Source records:
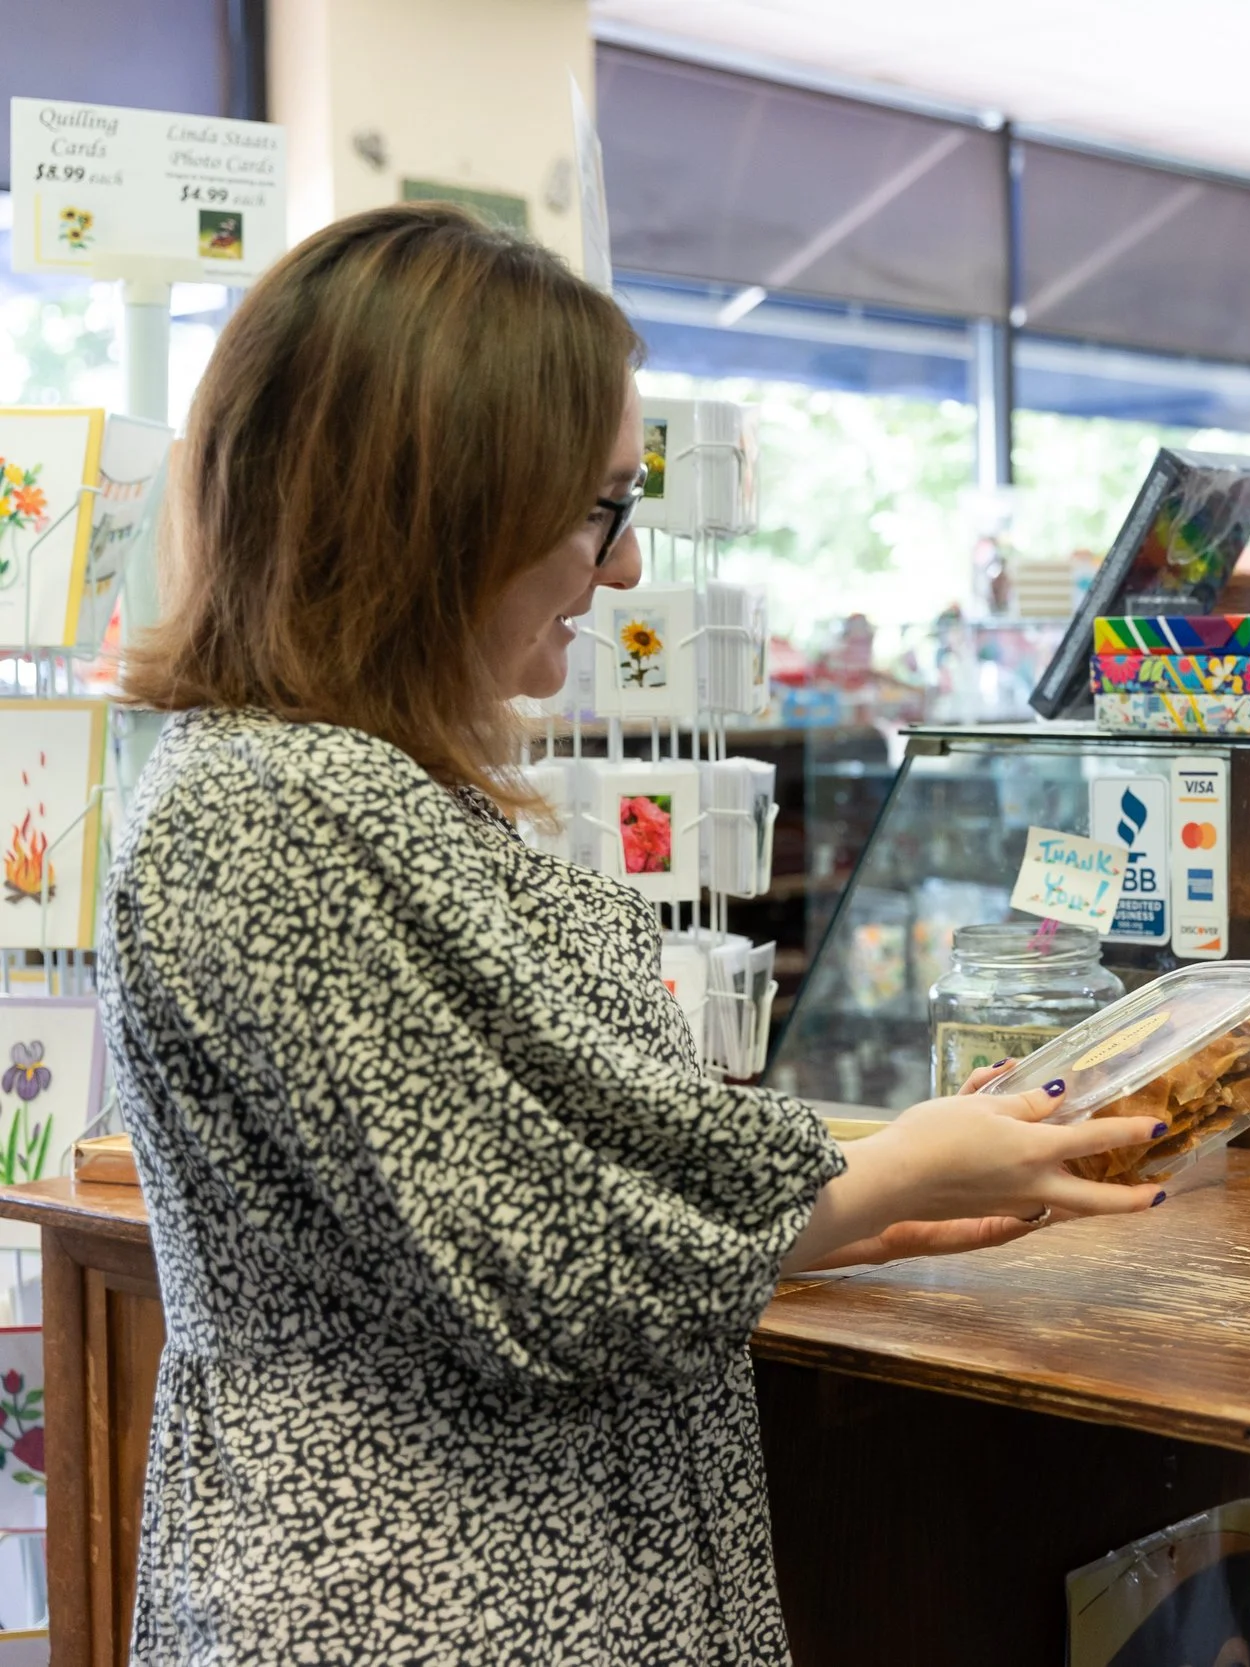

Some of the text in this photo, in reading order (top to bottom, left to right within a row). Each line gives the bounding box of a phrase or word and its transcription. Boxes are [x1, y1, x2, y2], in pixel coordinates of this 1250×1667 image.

[40, 107, 120, 137] Quilling
[166, 124, 218, 145] Linda
[51, 137, 108, 158] Cards
[169, 149, 275, 174] Photo Cards
[1184, 780, 1214, 793] VISA
[1039, 840, 1113, 876] THANK
[1122, 867, 1157, 892] BB
[1114, 910, 1155, 922] USINESS
[1118, 900, 1162, 912] REDITED
[1181, 926, 1219, 935] DISCOVER
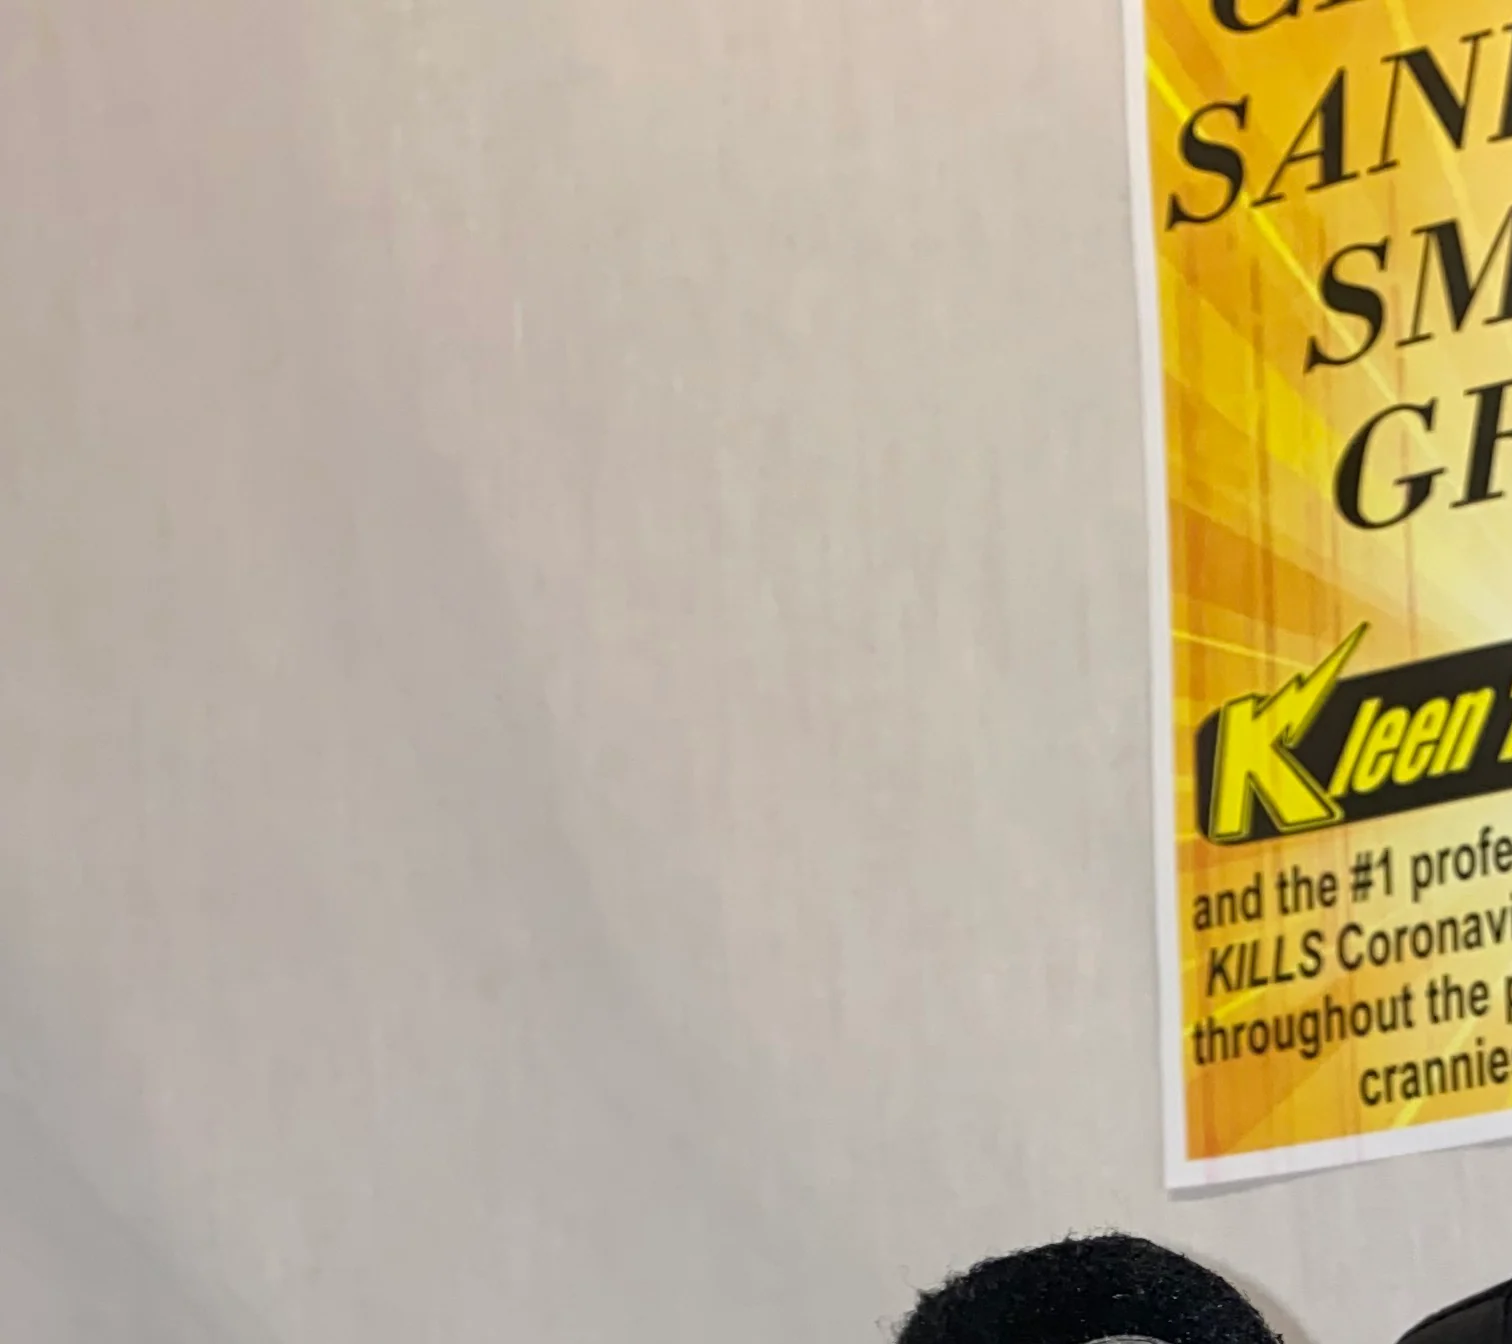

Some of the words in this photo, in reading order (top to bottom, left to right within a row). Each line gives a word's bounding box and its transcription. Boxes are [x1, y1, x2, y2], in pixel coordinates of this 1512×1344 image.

[1208, 621, 1496, 839] Kleen
[1193, 873, 1263, 931] and
[1275, 866, 1338, 916] the
[1351, 848, 1393, 901] #1
[1205, 930, 1325, 998] KILLS
[1193, 982, 1416, 1066] throughout
[1426, 973, 1490, 1025] the
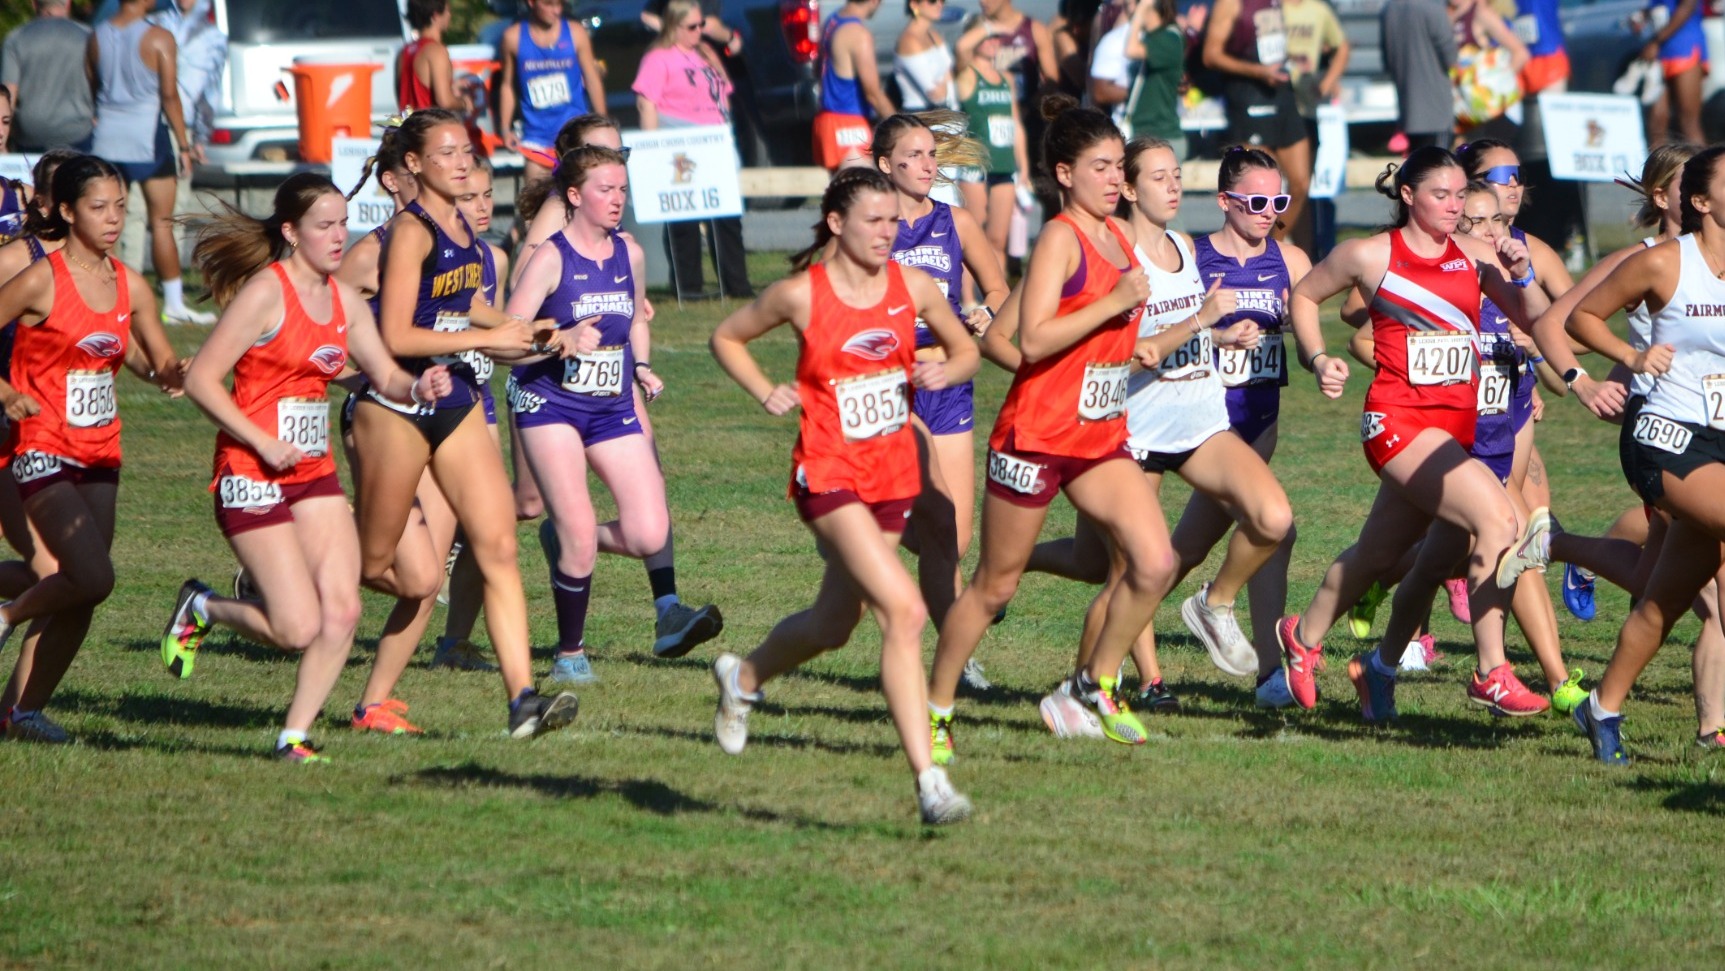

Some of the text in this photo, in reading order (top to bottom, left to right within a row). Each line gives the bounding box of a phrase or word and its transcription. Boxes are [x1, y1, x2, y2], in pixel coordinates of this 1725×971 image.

[657, 187, 720, 213] BOX 16
[894, 247, 940, 261] SAINT
[431, 266, 464, 299] WEST
[1236, 291, 1271, 301] AINT
[582, 292, 627, 303] SAINT
[1146, 294, 1197, 317] FAIRMONT
[1685, 304, 1725, 317] FAIRM
[566, 358, 620, 387] 3769
[1413, 346, 1470, 376] 4207
[844, 382, 908, 428] 3852
[1084, 377, 1128, 408] 3846
[283, 415, 327, 445] 3854
[1637, 416, 1688, 449] 2690
[991, 452, 1034, 488] 3846
[225, 479, 276, 503] 3854

#### ACTIVITY
In your copy, include every record word for word but no pictures.

#### ANSWER BOX
Some of the text in this photo, in reading order (top to bottom, left to right within a row). Each line gives the bounding box of a phrase or word and its transcription. Boxes are [x1, y1, x2, y2], in pixel coordinates of this 1250×1667 image.

[40, 107, 120, 137] Quilling
[166, 124, 218, 145] Linda
[51, 137, 108, 158] Cards
[169, 149, 275, 174] Photo Cards
[1184, 780, 1214, 793] VISA
[1039, 840, 1113, 876] THANK
[1122, 867, 1157, 892] BB
[1114, 910, 1155, 922] USINESS
[1118, 900, 1162, 912] REDITED
[1181, 926, 1219, 935] DISCOVER

Some of the words in this photo, in reading order (top to bottom, left to right within a row). Each line gives a word's bounding box and its transcription. Boxes are [x1, y1, x2, y2], in pixel coordinates of this 1512×1344 image.

[1208, 621, 1496, 839] Kleen
[1193, 873, 1263, 931] and
[1275, 866, 1338, 916] the
[1351, 848, 1393, 901] #1
[1205, 930, 1325, 998] KILLS
[1193, 982, 1416, 1066] throughout
[1426, 973, 1490, 1025] the

Some of the text in this photo, in reading order (top to bottom, left to right within a row). Each line gives the bounding box of a phrase or word and its transcription. Boxes are [x1, y1, x2, y2], in pixel coordinates of this 1725×971 image.

[657, 187, 720, 213] BOX 16
[894, 247, 940, 261] SAINT
[431, 266, 464, 299] WEST
[1236, 291, 1271, 301] AINT
[582, 292, 627, 303] SAINT
[1146, 294, 1197, 317] FAIRMONT
[1685, 304, 1725, 317] FAIRM
[566, 358, 620, 387] 3769
[1413, 346, 1470, 376] 4207
[844, 382, 908, 428] 3852
[1084, 377, 1128, 408] 3846
[283, 415, 327, 445] 3854
[1637, 416, 1688, 449] 2690
[991, 452, 1034, 488] 3846
[225, 479, 276, 503] 3854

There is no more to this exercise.